Bırakın bulutlar gökyüzünde kalsın

Dalia MAYA Köşe Yazısı
11 Nisan 2018 Çarşamba

Varla yok arasında bir yerdeyim

Zamanın unuttuğu bir yerde

Bugün Boğaz’a nazır içerken kahve,

Yarın?

YOK

 

Dün sakin ve huzurlu

Gezerken ormanda

Bugün?

Harıl harıl çalışmakta

 

Tepetaklak olmakta yaşam

Bir nefes alışta

 

Kalabalıklar içinde yalnız bazan

Ya da cıvıl cıvıl muhabbette bir başına

 

Hiç bir şey bize öğretildiği gibi değil!

Hiç bir algı

Gerçek biz değil!

 

Tek gerçek; nefes aldığımızda, kokladığımız çiçekte, tattığımız yemekte, sevgiyle sarıldığımız anda!

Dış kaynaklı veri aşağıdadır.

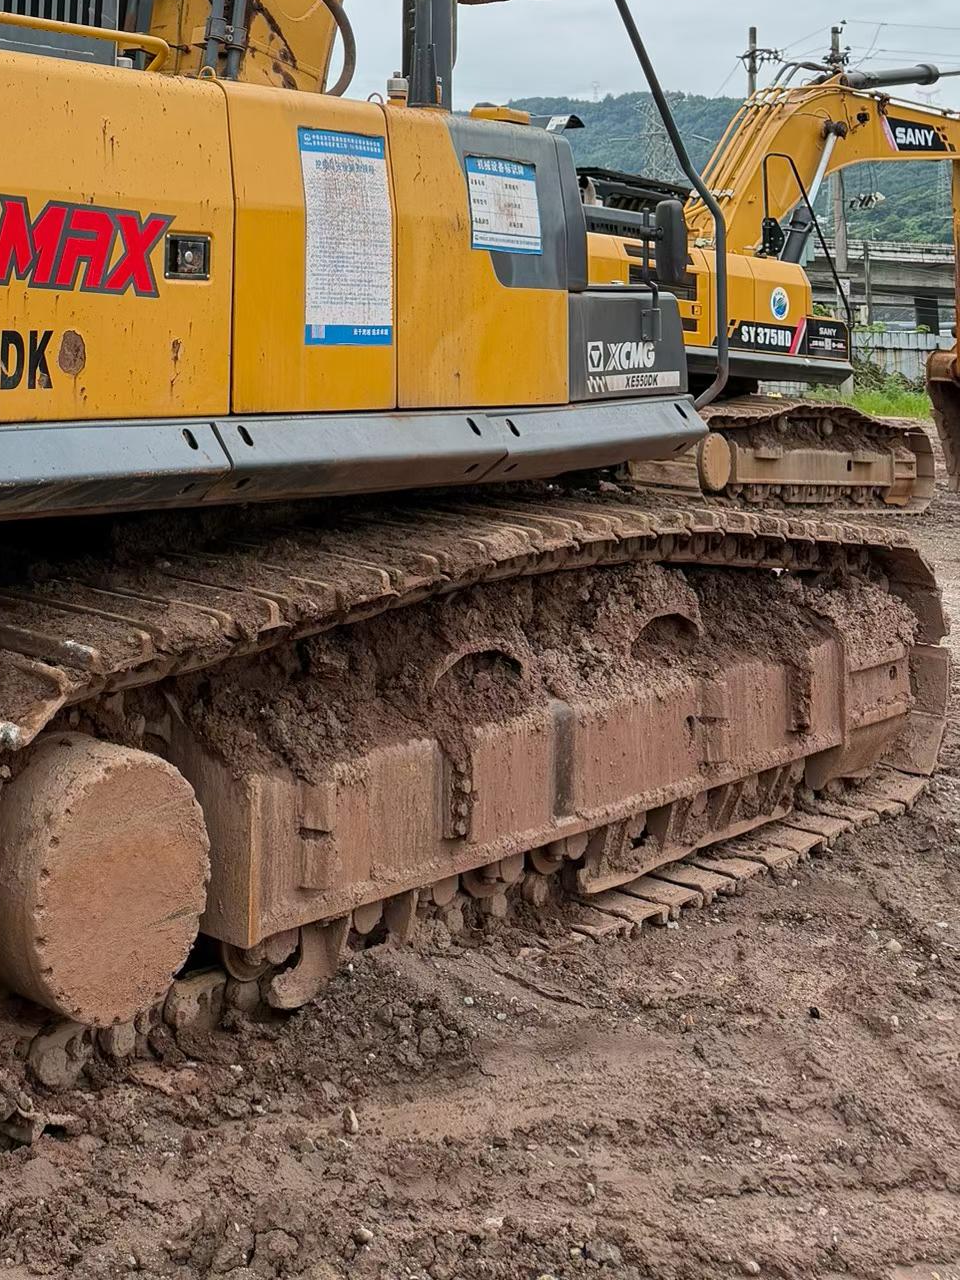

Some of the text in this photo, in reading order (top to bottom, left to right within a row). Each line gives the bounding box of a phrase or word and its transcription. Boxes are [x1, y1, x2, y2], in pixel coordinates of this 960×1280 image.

Tek gerçek; bir sergi gezerken mesela ya da bir işe dalmış üretirken evde bilgisayar başında ya da fabrikada, dükkânda, imalathanede, sokakta, caddede bağda bahçede; tek gerçek içinde olduğumuz anda. Ya da daha doğrusu yaratmakta olduğumuz anda. Bir göz kırpması sürede, zamanın farkındalığını yitirdiğimiz, yaptığımız iş her ne ise, yaptığımız ile bütünleşmekte, tamamlanmakta, eskilerin deyişi ile hemhal olmakta.

Muhabbet de orada, başarı da orada, aşk da orada. Yaşam da, tam orada!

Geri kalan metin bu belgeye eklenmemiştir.